Ask about the pain. Where do they get stuck? What takes the longest? What causes the most frustration? What would they do differently if they had all the information instantly available and pre-synthesized?

Then explore solutions. Not necessarily technology first. Sometimes the answer is better process. Sometimes it is consolidating systems. Sometimes it is changing what information is actually necessary.

But increasingly, the answer is GenAI. Because GenAI can work with the messy, unstructured, fragmented reality of how information actually exists in organizations. It does not require you to fix your information architecture first. It meets you where you are.

The Opportunity

The case prep problem is one of the highest-ROI opportunities for GenAI in enterprises today. Because it affects highly skilled, highly compensated people. Because the time savings are immediate and measurable. Because the quality improvements compound over time. Because the human impact is meaningful.

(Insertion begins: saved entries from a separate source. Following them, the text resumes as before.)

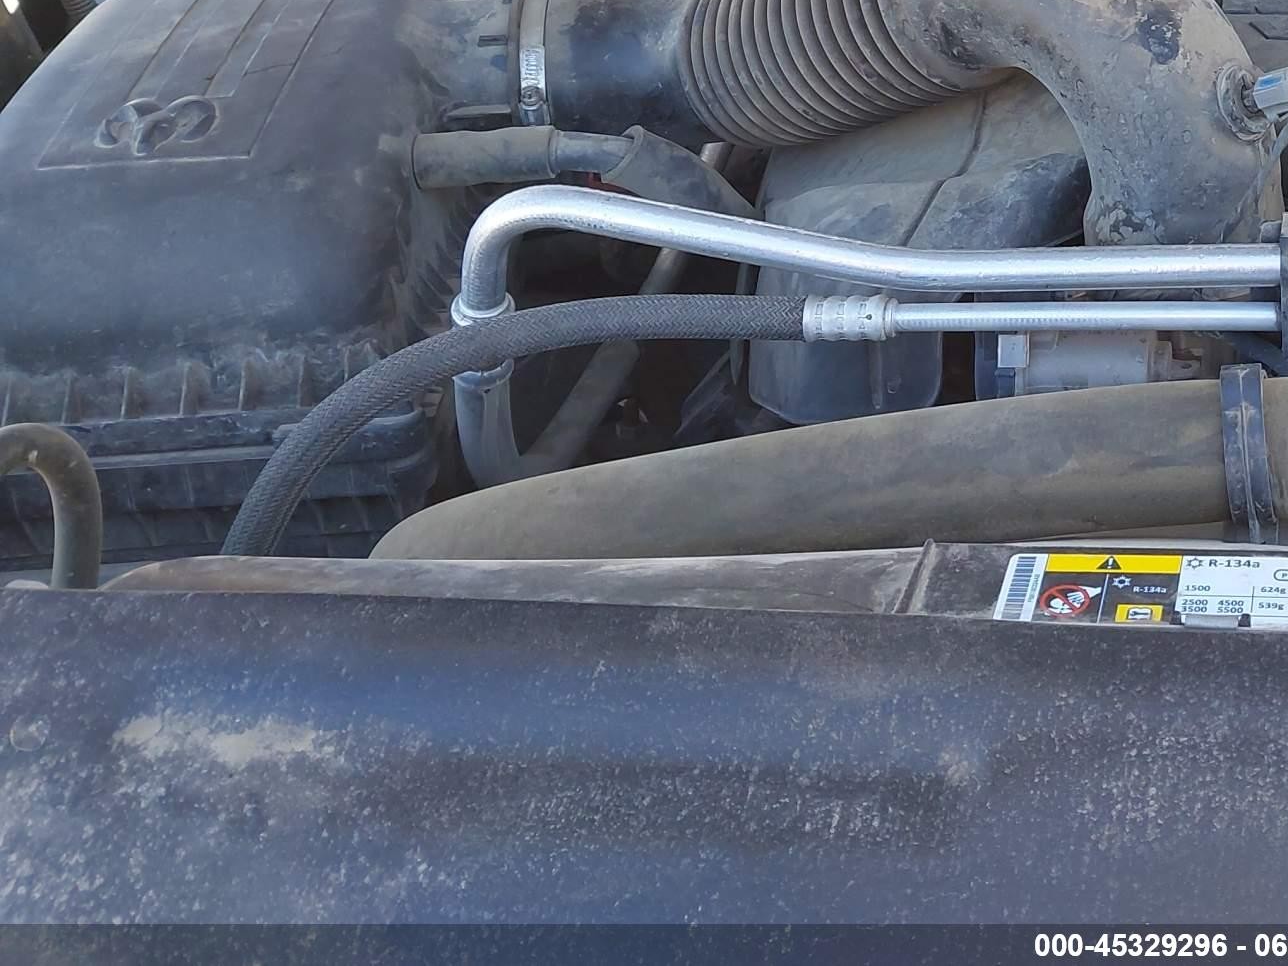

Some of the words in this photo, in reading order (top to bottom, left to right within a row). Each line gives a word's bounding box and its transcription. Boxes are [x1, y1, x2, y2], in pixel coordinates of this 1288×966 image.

[1208, 558, 1261, 569] R-134a
[1132, 586, 1168, 594] R-134a
[1184, 584, 1212, 592] 1500
[1260, 586, 1287, 595] 624g
[1181, 598, 1209, 606] 2500
[1217, 599, 1245, 607] 4500
[1257, 602, 1285, 611] 539g
[1181, 605, 1208, 613] 3500
[1216, 606, 1244, 614] 5500

Organizations that solve this will have teams that spend 75% of their time on strategic thinking and 25% on information review. That is the right ratio. That is how expertise should be utilized.

The technology exists. The question is whether organizations recognize the problem as strategic rather than just an operational annoyance. Whether they are willing to invest in amplifying expertise instead of accepting that information hunting is “just how things are.”

The companies that move first on this will have an enormous advantage. Not because they have better technology. Because they have better-prepared people who can focus on what actually creates value. That is a competitive advantage technology alone cannot replicate.